Assignment:
The goal here is an exact copy of the entries below, without their pictures.
--- START ---
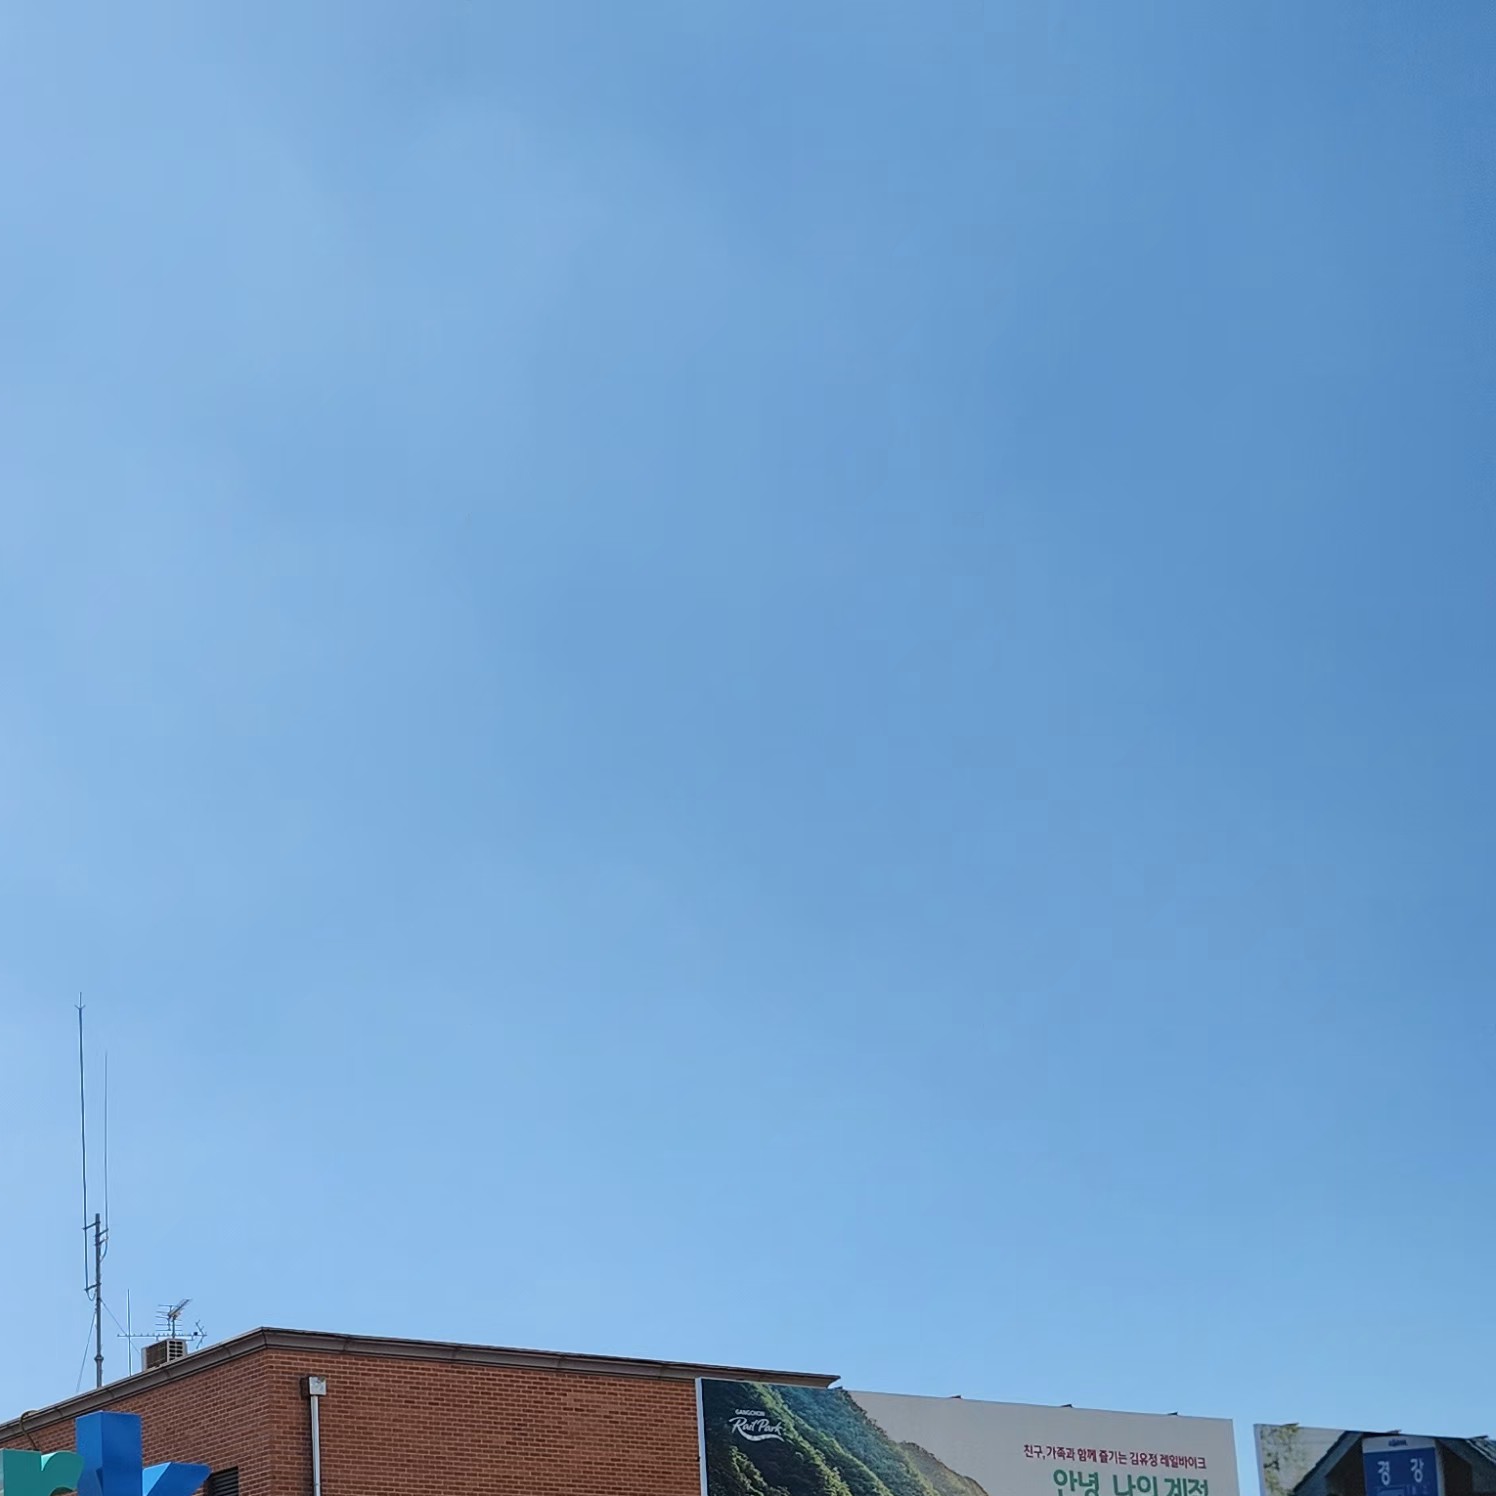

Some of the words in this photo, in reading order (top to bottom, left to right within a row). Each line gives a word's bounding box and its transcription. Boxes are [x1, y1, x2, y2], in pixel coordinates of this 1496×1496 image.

[728, 1416, 758, 1435] Rail
[757, 1418, 784, 1436] Park
[1077, 1448, 1097, 1462] 함께
[1099, 1449, 1127, 1465] 즐기는
[1129, 1451, 1158, 1467] 김유정
[1159, 1453, 1207, 1470] 레일바이크
--- END ---
Output below:
Some of the words in this photo, in reading order (top to bottom, left to right within a row). Each line gives a word's bounding box and its transcription. Boxes are [x1, y1, x2, y2], in pixel coordinates of this 1496×1496 image.

[728, 1416, 758, 1435] Rail
[757, 1418, 784, 1436] Park
[1077, 1448, 1097, 1462] 함께
[1099, 1449, 1127, 1465] 즐기는
[1129, 1451, 1158, 1467] 김유정
[1159, 1453, 1207, 1470] 레일바이크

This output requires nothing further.